▶ [Stored items from a collection]:

++++++++

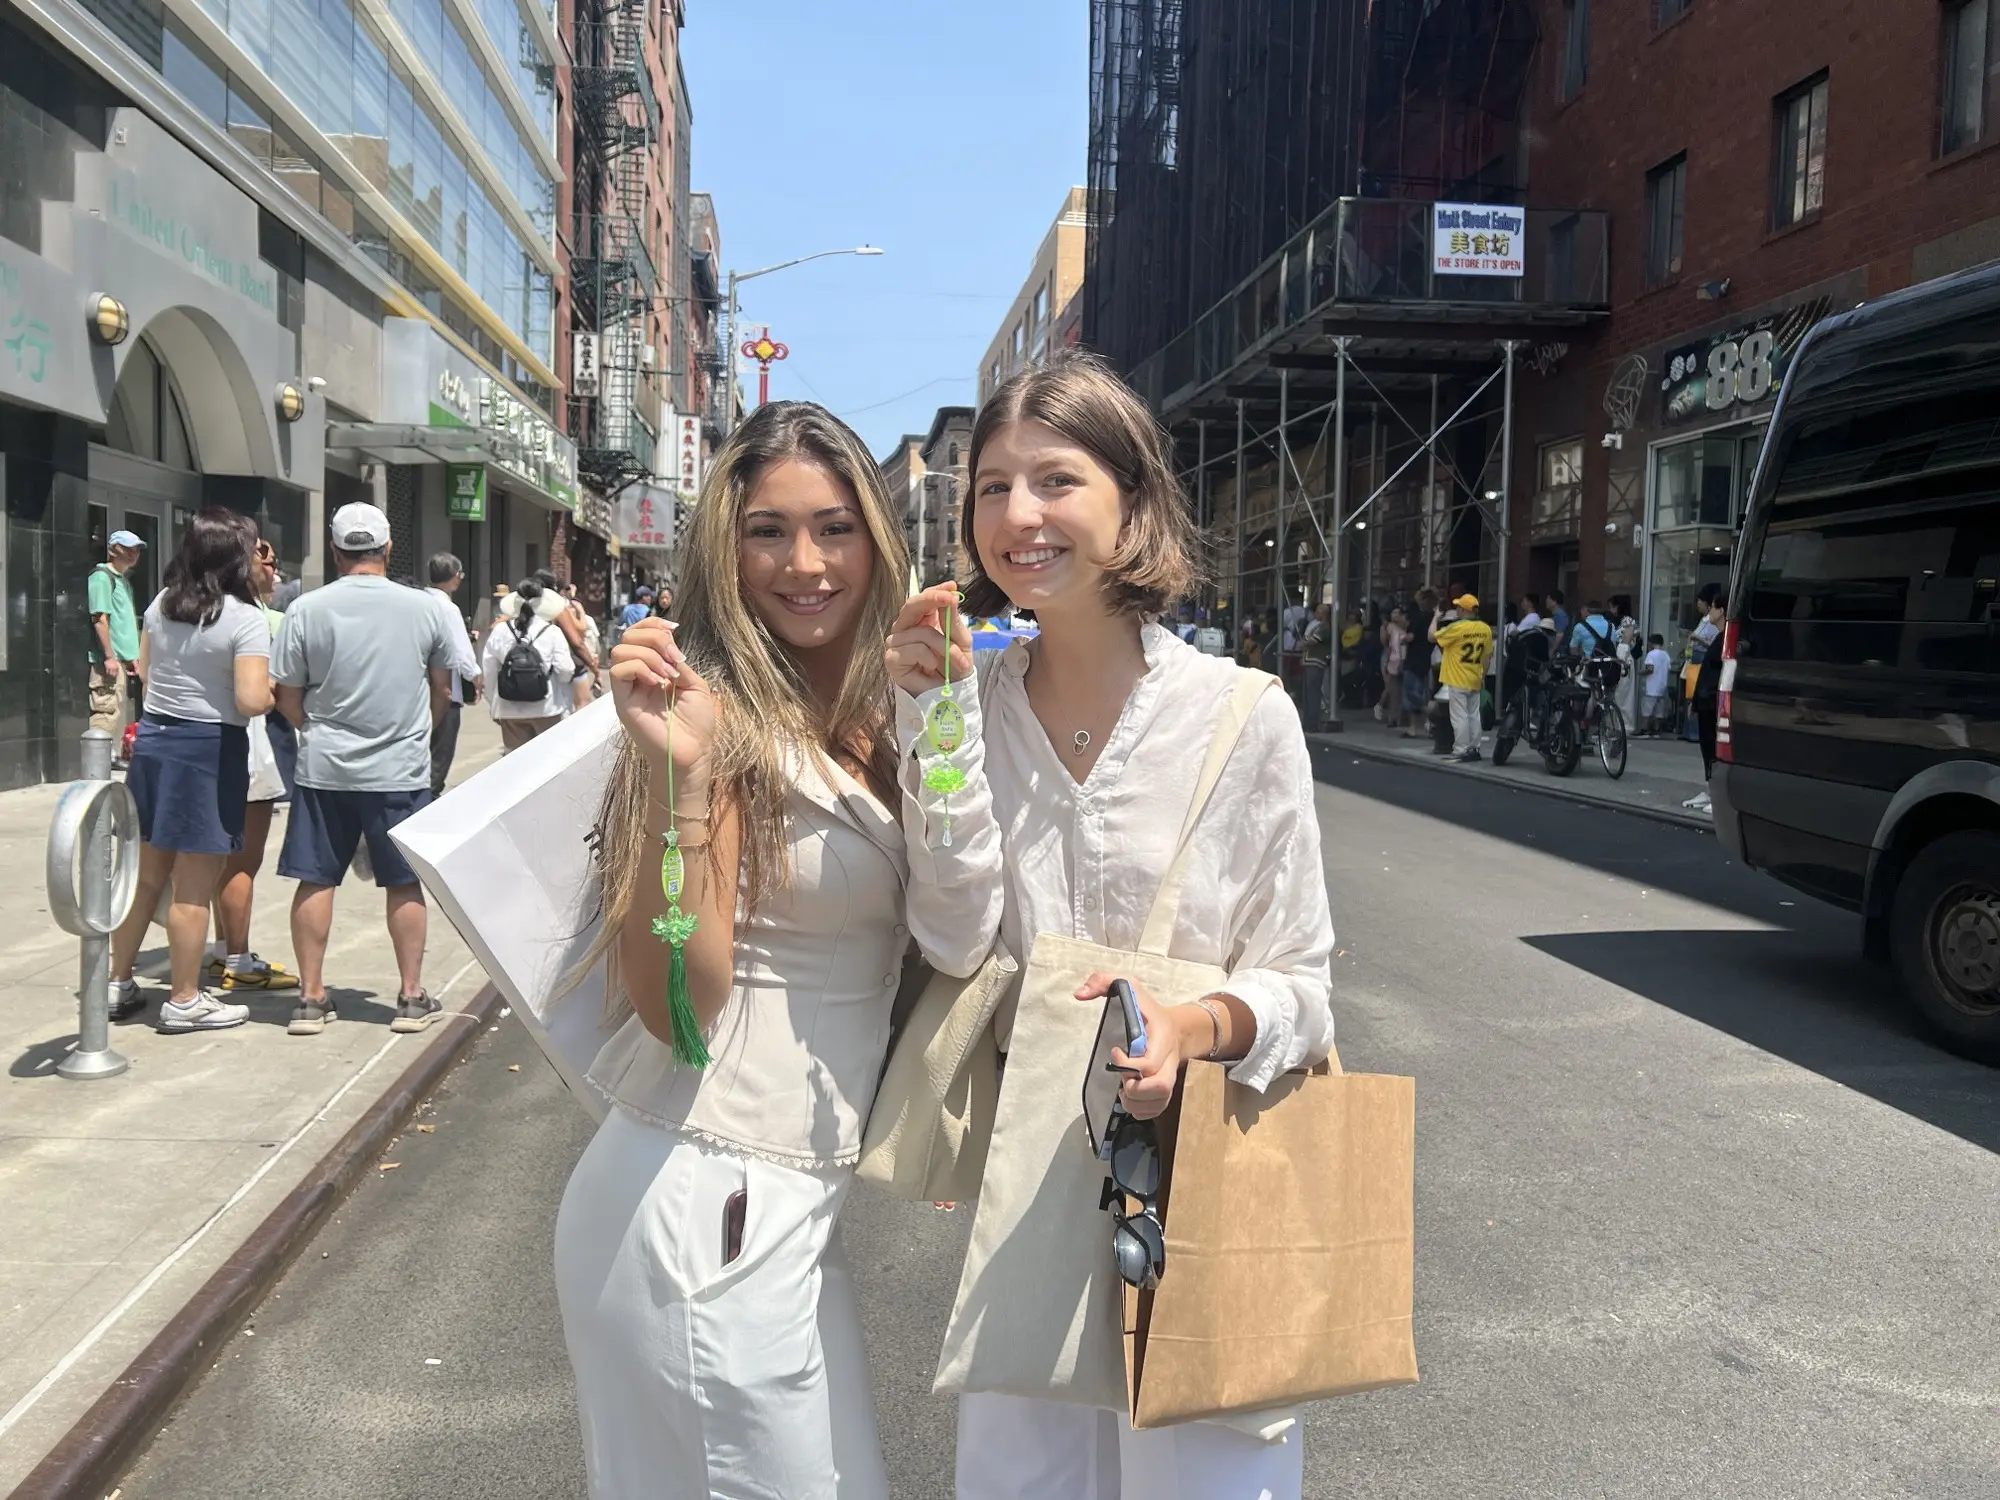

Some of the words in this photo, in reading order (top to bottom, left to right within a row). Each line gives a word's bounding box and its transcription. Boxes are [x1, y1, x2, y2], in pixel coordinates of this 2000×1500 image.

[110, 177, 175, 251] United
[181, 222, 235, 287] Orient
[1437, 209, 1460, 229] Mott
[1461, 210, 1490, 230] Street
[1491, 211, 1522, 236] Eatery
[1450, 231, 1510, 257] 美食坊
[1437, 257, 1452, 268] THE
[1454, 258, 1480, 269] STORE
[1482, 259, 1498, 270] IT'S
[1500, 260, 1521, 271] OPEN
[4, 308, 56, 384] 行
[1705, 330, 1774, 411] 88
[1460, 641, 1485, 664] 22

++++++++

▶ [PROBLEM TO SOLVE]: Output the records exactly, and let none of their pictures appear in the copy.

▶ [YOUR SOLUTION]:
Some of the words in this photo, in reading order (top to bottom, left to right within a row). Each line gives a word's bounding box and its transcription. Boxes are [x1, y1, x2, y2], in pixel coordinates of this 2000×1500 image.

[110, 177, 175, 251] United
[181, 222, 235, 287] Orient
[1437, 209, 1460, 229] Mott
[1461, 210, 1490, 230] Street
[1491, 211, 1522, 236] Eatery
[1450, 231, 1510, 257] 美食坊
[1437, 257, 1452, 268] THE
[1454, 258, 1480, 269] STORE
[1482, 259, 1498, 270] IT'S
[1500, 260, 1521, 271] OPEN
[4, 308, 56, 384] 行
[1705, 330, 1774, 411] 88
[1460, 641, 1485, 664] 22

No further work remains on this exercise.